Top of RECORDS SUPPLIED
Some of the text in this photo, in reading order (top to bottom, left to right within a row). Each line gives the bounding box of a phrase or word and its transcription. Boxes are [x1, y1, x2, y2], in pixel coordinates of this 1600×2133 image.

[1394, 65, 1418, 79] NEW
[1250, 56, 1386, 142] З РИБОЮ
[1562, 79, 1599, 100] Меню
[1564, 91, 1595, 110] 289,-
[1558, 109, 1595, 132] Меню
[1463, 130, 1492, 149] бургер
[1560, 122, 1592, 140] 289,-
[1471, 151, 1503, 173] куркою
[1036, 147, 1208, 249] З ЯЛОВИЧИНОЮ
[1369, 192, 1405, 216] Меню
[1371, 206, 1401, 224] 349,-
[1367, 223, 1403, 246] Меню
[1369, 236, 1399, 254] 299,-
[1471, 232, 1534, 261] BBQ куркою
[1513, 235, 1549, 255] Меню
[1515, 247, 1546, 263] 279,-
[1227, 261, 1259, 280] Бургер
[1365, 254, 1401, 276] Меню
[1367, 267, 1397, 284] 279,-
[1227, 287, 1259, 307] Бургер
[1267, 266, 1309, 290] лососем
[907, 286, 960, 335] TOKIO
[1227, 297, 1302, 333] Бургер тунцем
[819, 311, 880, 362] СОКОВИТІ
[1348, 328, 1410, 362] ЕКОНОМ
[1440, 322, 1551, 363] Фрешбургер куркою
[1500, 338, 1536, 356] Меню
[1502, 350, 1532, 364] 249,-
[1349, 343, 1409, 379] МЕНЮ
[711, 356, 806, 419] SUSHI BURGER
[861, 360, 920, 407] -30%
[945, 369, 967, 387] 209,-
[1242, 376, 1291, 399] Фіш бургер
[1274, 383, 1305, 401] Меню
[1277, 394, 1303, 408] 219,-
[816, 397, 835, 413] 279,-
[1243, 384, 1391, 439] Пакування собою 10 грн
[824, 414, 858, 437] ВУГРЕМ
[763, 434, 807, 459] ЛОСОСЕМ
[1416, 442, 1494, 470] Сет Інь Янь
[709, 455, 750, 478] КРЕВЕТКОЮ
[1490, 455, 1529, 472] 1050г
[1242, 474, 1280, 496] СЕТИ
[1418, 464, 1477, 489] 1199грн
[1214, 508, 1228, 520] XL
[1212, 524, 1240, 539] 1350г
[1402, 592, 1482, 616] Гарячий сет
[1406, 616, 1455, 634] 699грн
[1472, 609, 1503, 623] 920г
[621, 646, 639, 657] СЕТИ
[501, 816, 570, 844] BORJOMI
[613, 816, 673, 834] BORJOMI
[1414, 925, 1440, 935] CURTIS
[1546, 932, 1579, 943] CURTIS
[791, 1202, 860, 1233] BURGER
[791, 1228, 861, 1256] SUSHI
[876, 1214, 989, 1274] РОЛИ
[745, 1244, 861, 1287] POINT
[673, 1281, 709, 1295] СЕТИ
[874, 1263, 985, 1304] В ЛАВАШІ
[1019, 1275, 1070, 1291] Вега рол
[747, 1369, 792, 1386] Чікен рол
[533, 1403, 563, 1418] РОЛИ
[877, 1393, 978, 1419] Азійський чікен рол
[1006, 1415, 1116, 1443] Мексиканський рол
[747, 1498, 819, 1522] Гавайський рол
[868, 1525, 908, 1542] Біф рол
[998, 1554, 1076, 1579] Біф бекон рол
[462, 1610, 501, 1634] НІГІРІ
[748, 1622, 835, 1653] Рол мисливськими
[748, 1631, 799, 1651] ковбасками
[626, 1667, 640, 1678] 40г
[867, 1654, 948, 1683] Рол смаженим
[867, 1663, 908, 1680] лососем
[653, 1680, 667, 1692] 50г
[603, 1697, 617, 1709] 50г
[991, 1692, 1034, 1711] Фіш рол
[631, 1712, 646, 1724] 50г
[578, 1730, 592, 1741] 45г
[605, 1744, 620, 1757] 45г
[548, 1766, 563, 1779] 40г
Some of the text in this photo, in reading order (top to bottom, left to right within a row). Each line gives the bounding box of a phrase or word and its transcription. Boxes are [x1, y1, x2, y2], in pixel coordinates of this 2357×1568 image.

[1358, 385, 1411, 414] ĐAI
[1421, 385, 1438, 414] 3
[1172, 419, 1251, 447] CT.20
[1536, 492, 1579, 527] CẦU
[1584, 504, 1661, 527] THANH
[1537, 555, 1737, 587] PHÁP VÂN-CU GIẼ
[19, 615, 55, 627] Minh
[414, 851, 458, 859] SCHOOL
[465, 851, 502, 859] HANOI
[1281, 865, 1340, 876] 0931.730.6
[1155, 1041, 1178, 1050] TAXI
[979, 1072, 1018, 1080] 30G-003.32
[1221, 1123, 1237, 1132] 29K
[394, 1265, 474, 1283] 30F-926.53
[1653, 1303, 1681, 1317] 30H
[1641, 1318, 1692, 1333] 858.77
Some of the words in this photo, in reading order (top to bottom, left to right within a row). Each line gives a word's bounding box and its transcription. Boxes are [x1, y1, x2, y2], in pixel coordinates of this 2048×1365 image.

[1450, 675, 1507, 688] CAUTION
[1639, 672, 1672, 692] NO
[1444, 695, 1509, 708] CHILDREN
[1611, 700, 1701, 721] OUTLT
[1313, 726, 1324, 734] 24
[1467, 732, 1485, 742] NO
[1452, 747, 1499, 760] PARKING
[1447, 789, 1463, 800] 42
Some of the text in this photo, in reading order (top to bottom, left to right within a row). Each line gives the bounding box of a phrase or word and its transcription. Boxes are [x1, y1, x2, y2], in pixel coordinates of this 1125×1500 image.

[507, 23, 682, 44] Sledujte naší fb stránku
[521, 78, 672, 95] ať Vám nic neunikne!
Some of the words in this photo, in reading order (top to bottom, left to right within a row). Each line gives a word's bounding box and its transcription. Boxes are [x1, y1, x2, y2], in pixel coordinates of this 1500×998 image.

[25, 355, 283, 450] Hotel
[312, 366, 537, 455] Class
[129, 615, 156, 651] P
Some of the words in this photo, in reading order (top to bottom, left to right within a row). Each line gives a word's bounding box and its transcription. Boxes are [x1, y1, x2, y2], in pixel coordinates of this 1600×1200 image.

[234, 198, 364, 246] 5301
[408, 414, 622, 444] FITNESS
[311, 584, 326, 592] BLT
Bottom of RECORDS SUPPLIED
## EXERCISE INSTRUCTIONS
Your reply should consist of the records, duplicated exactly.

## SOLUTION TO THIS EXERCISE
Some of the text in this photo, in reading order (top to bottom, left to right within a row). Each line gives the bounding box of a phrase or word and its transcription. Boxes are [x1, y1, x2, y2], in pixel coordinates of this 1600×2133 image.

[1394, 65, 1418, 79] NEW
[1250, 56, 1386, 142] З РИБОЮ
[1562, 79, 1599, 100] Меню
[1564, 91, 1595, 110] 289,-
[1558, 109, 1595, 132] Меню
[1463, 130, 1492, 149] бургер
[1560, 122, 1592, 140] 289,-
[1471, 151, 1503, 173] куркою
[1036, 147, 1208, 249] З ЯЛОВИЧИНОЮ
[1369, 192, 1405, 216] Меню
[1371, 206, 1401, 224] 349,-
[1367, 223, 1403, 246] Меню
[1369, 236, 1399, 254] 299,-
[1471, 232, 1534, 261] BBQ куркою
[1513, 235, 1549, 255] Меню
[1515, 247, 1546, 263] 279,-
[1227, 261, 1259, 280] Бургер
[1365, 254, 1401, 276] Меню
[1367, 267, 1397, 284] 279,-
[1227, 287, 1259, 307] Бургер
[1267, 266, 1309, 290] лососем
[907, 286, 960, 335] TOKIO
[1227, 297, 1302, 333] Бургер тунцем
[819, 311, 880, 362] СОКОВИТІ
[1348, 328, 1410, 362] ЕКОНОМ
[1440, 322, 1551, 363] Фрешбургер куркою
[1500, 338, 1536, 356] Меню
[1502, 350, 1532, 364] 249,-
[1349, 343, 1409, 379] МЕНЮ
[711, 356, 806, 419] SUSHI BURGER
[861, 360, 920, 407] -30%
[945, 369, 967, 387] 209,-
[1242, 376, 1291, 399] Фіш бургер
[1274, 383, 1305, 401] Меню
[1277, 394, 1303, 408] 219,-
[816, 397, 835, 413] 279,-
[1243, 384, 1391, 439] Пакування собою 10 грн
[824, 414, 858, 437] ВУГРЕМ
[763, 434, 807, 459] ЛОСОСЕМ
[1416, 442, 1494, 470] Сет Інь Янь
[709, 455, 750, 478] КРЕВЕТКОЮ
[1490, 455, 1529, 472] 1050г
[1242, 474, 1280, 496] СЕТИ
[1418, 464, 1477, 489] 1199грн
[1214, 508, 1228, 520] XL
[1212, 524, 1240, 539] 1350г
[1402, 592, 1482, 616] Гарячий сет
[1406, 616, 1455, 634] 699грн
[1472, 609, 1503, 623] 920г
[621, 646, 639, 657] СЕТИ
[501, 816, 570, 844] BORJOMI
[613, 816, 673, 834] BORJOMI
[1414, 925, 1440, 935] CURTIS
[1546, 932, 1579, 943] CURTIS
[791, 1202, 860, 1233] BURGER
[791, 1228, 861, 1256] SUSHI
[876, 1214, 989, 1274] РОЛИ
[745, 1244, 861, 1287] POINT
[673, 1281, 709, 1295] СЕТИ
[874, 1263, 985, 1304] В ЛАВАШІ
[1019, 1275, 1070, 1291] Вега рол
[747, 1369, 792, 1386] Чікен рол
[533, 1403, 563, 1418] РОЛИ
[877, 1393, 978, 1419] Азійський чікен рол
[1006, 1415, 1116, 1443] Мексиканський рол
[747, 1498, 819, 1522] Гавайський рол
[868, 1525, 908, 1542] Біф рол
[998, 1554, 1076, 1579] Біф бекон рол
[462, 1610, 501, 1634] НІГІРІ
[748, 1622, 835, 1653] Рол мисливськими
[748, 1631, 799, 1651] ковбасками
[626, 1667, 640, 1678] 40г
[867, 1654, 948, 1683] Рол смаженим
[867, 1663, 908, 1680] лососем
[653, 1680, 667, 1692] 50г
[603, 1697, 617, 1709] 50г
[991, 1692, 1034, 1711] Фіш рол
[631, 1712, 646, 1724] 50г
[578, 1730, 592, 1741] 45г
[605, 1744, 620, 1757] 45г
[548, 1766, 563, 1779] 40г
Some of the text in this photo, in reading order (top to bottom, left to right within a row). Each line gives the bounding box of a phrase or word and its transcription. Boxes are [x1, y1, x2, y2], in pixel coordinates of this 2357×1568 image.

[1358, 385, 1411, 414] ĐAI
[1421, 385, 1438, 414] 3
[1172, 419, 1251, 447] CT.20
[1536, 492, 1579, 527] CẦU
[1584, 504, 1661, 527] THANH
[1537, 555, 1737, 587] PHÁP VÂN-CU GIẼ
[19, 615, 55, 627] Minh
[414, 851, 458, 859] SCHOOL
[465, 851, 502, 859] HANOI
[1281, 865, 1340, 876] 0931.730.6
[1155, 1041, 1178, 1050] TAXI
[979, 1072, 1018, 1080] 30G-003.32
[1221, 1123, 1237, 1132] 29K
[394, 1265, 474, 1283] 30F-926.53
[1653, 1303, 1681, 1317] 30H
[1641, 1318, 1692, 1333] 858.77
Some of the words in this photo, in reading order (top to bottom, left to right within a row). Each line gives a word's bounding box and its transcription. Boxes are [x1, y1, x2, y2], in pixel coordinates of this 2048×1365 image.

[1450, 675, 1507, 688] CAUTION
[1639, 672, 1672, 692] NO
[1444, 695, 1509, 708] CHILDREN
[1611, 700, 1701, 721] OUTLT
[1313, 726, 1324, 734] 24
[1467, 732, 1485, 742] NO
[1452, 747, 1499, 760] PARKING
[1447, 789, 1463, 800] 42
Some of the text in this photo, in reading order (top to bottom, left to right within a row). Each line gives the bounding box of a phrase or word and its transcription. Boxes are [x1, y1, x2, y2], in pixel coordinates of this 1125×1500 image.

[507, 23, 682, 44] Sledujte naší fb stránku
[521, 78, 672, 95] ať Vám nic neunikne!
Some of the words in this photo, in reading order (top to bottom, left to right within a row). Each line gives a word's bounding box and its transcription. Boxes are [x1, y1, x2, y2], in pixel coordinates of this 1500×998 image.

[25, 355, 283, 450] Hotel
[312, 366, 537, 455] Class
[129, 615, 156, 651] P
Some of the words in this photo, in reading order (top to bottom, left to right within a row). Each line gives a word's bounding box and its transcription. Boxes are [x1, y1, x2, y2], in pixel coordinates of this 1600×1200 image.

[234, 198, 364, 246] 5301
[408, 414, 622, 444] FITNESS
[311, 584, 326, 592] BLT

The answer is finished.